# Forum More Stuff Go to Whoa!  Craig's Little Shed and Carport Build

## CraigandKate

Ok where to start.. 
Kate and I bought our first home and moved in in January, its a 2 bed 2 bath weatherboard house in Bonbeach, with no shed/carport at all, which for obvious reasons is unacceptable! 
So started with the size, building material etc and once that was decided it was off to get drafted/permits done and after much bureaucratic expense we came out with something like this:  
and then came the formwork, concrete and brick wall..

----------


## CraigandKate

So that is how it sits at the moment, the bricklayer is coming back tomorrow to finish bagging, then its going to sit for the next 3 weeks while I recover from breaking 2 bones in my hand playing basketball  :Frown:  
Frame is going to be all sorted by a mate who is the manager of a wall/roof truss factory  :Smilie:  
The decisions that need to be made: 
What weatherboard like cladding to put on? baltic pine, weathertex etc
what insulation to use? just some sarking and bulk, or I have also been looking at foilboard or astro foil
How to seal the bottom course of weatherboards against the frame/concrete?
and more that i can't be bothered typing with one hand :P 
So feel free to suggest or comment guys thats what the forum is about! 
Craig

----------


## Godzilla73

G'day, 
Looks great so far.  :2thumbsup:  I'd go Weathertex imo, with maybe a custom bent flashing at the bottom in Colourbond to give a neat appearance below the boards and extending up behind them as well.

----------


## CraigandKate

Thanks Godzilla, funny you suggested that I was just thinking the same thing coming home last night!

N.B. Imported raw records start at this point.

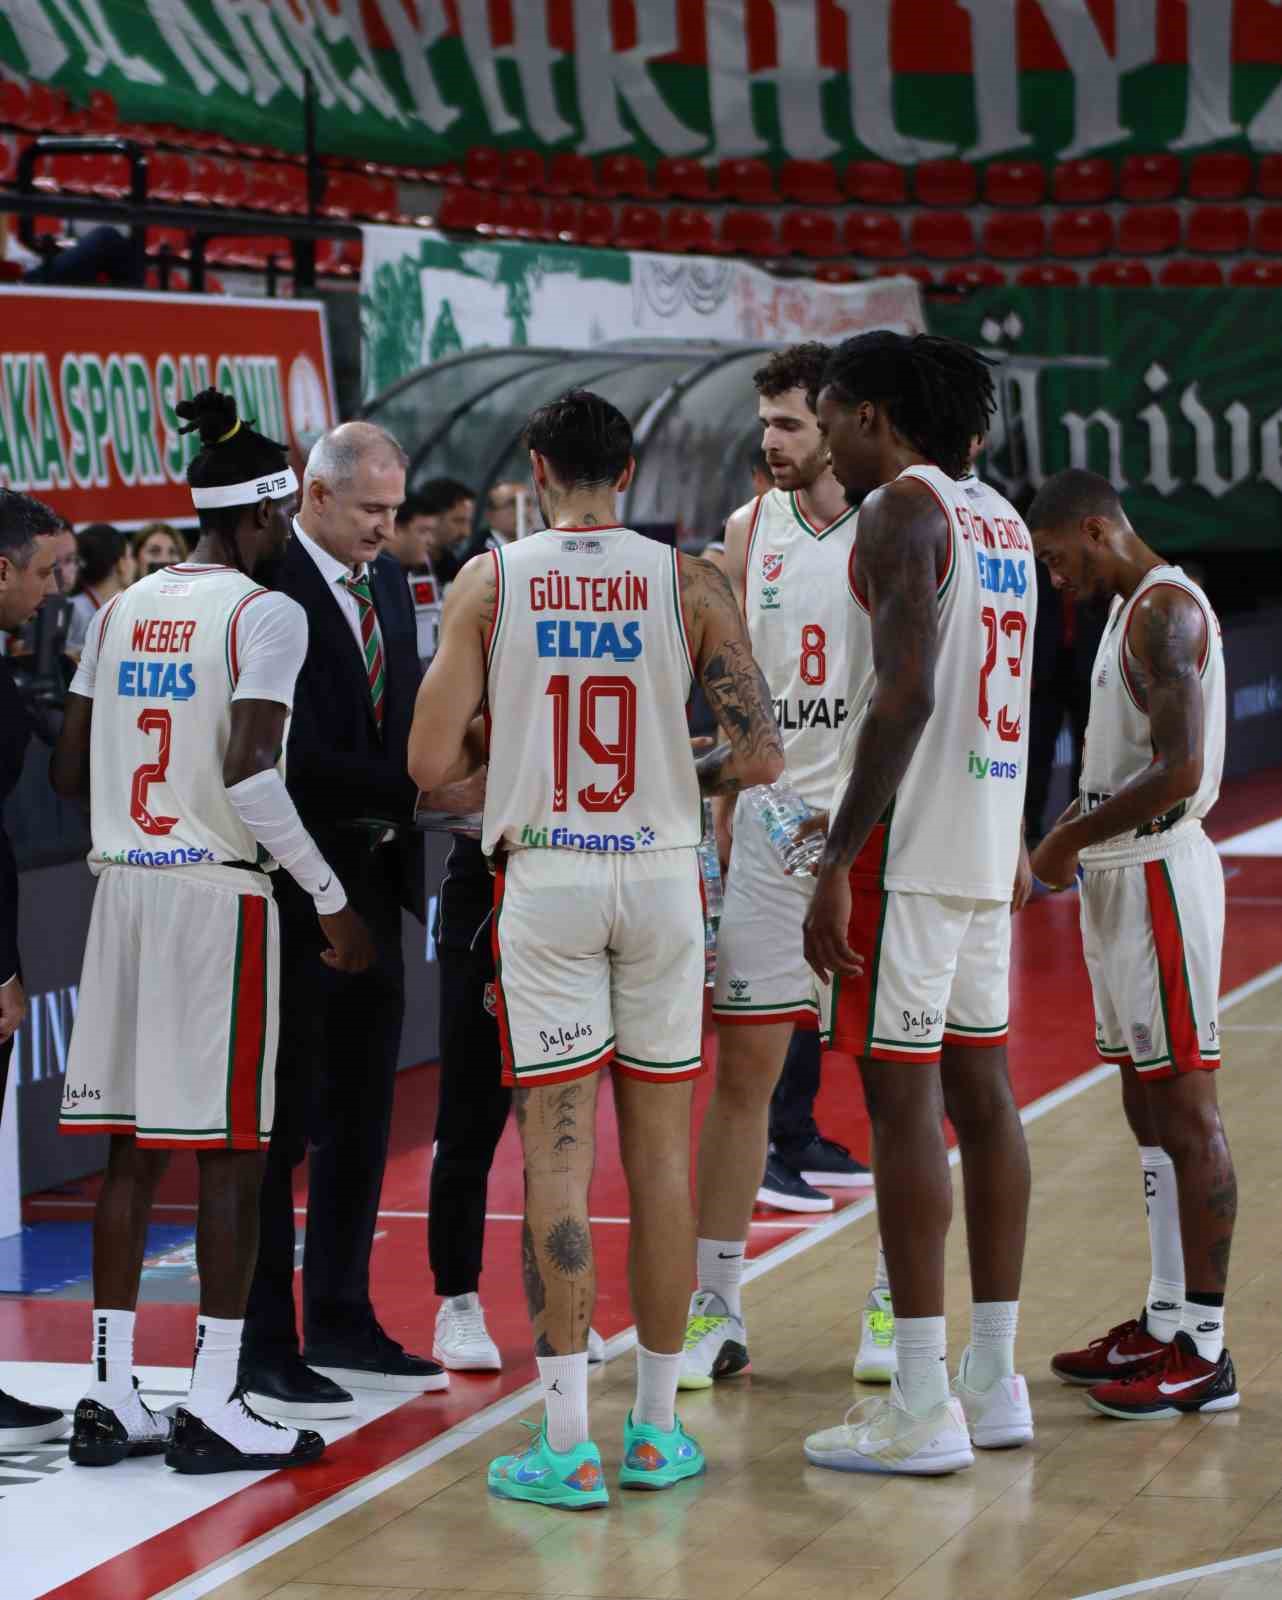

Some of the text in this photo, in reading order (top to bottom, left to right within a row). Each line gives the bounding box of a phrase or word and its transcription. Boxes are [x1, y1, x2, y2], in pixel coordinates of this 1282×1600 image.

[60, 351, 166, 489] SPOR
[256, 477, 287, 494] ELITE
[529, 570, 648, 612] GÜLTEKİN
[131, 619, 197, 652] WEBER
[800, 624, 826, 686] 8
[545, 674, 637, 813] 19
[130, 708, 180, 835] 2
[539, 1022, 592, 1053] Salados

The main worry I had with that idea was that if the colourbond gets scratched (mower going past) it will be open for corrosion.. Why go for the weathertex? have you used it? 
The other (much trickier) idea I had was to use a 1ish weatherboard high strip of blueboard which I could render, the colour scheme we are going for is this, which is the same as our house except for the white roof, which we will be updating on our house down the track anyway.. (if we survive this project)

----------


## Godzilla73

Yep used it twice, the last time went over a tin shed to spruce it up, fixed t/p timber battens then the boards, goes up nicely and is straight. The render idea is a good one, you need to start at the bottom anyway so you could finish it off render and all the use that for the kickout of the first board. You'd still need something behind it though to stop moisture wicking up.  
The colourbond is pretty tough, my garage is made from it, gets a whack from the trimmer occasionally and is ok after 5 years.

----------


## CraigandKate

About time for an update on this one, been a bit busy! 
Frame up  
Rear Hip  
Carport Trusses on  
Roof on  
This is where I left it when I had to go to away for work on a 6 week training course..

----------


## chrisp

Keep the updates coming. 
We love seeing photos of buildings in progress - and we all understand that things always take a little longer than originally hoped.  :Smilie:

----------


## CraigandKate

Thanks chrisp  :Redface: ) 
Few more of the current progress.. 
Painted the floor with epoxy  
Boards on  
Paint  
Garage door  
Backyard is a mess hoping to get some lawn back someday..  
Made some storage racks for one side

----------


## CraigandKate

Got a bit done on the weekend, finished the front weatherboards so that's it for weatherboarding now  :Redface: )   
How it sits at the moment:       
Getting pretty close now, next is to organise a plumber to connect up the water and also do all the drainpipes.

----------


## Uncle Bob

Looks great! :2thumbsup:

----------


## Bloss

> Looks great!

    :What he said:

----------


## shauck

Definite shed envy.

----------


## CraigandKate

Some turf prepartion updates.. was a big weekend!    .

----------


## Bloss

Not sure what you have against the edge of the shed slab and the house base, but I'd be making sure I had a good waterproof strip of something going from above finished lawn height to below slab base so that when you water it can't flow agains the slab. If it were me I'd have 75-100mm wide mowing strip with a slight angled batter down to the lawn . . . even some H4 treated pine or HW as an edge.

----------


## SlowMick

awesome looking shed/carport.  makes my colourbond shed look very boring.  excellent work. :2thumbsup:

----------


## CraigandKate

> Not sure what you have against the edge of the shed slab and the house base, but I'd be making sure I had a good waterproof strip of something going from above finished lawn height to below slab base so that when you water it can't flow agains the slab. If it were me I'd have 75-100mm wide mowing strip with a slight angled batter down to the lawn . . . even some H4 treated pine or HW as an edge.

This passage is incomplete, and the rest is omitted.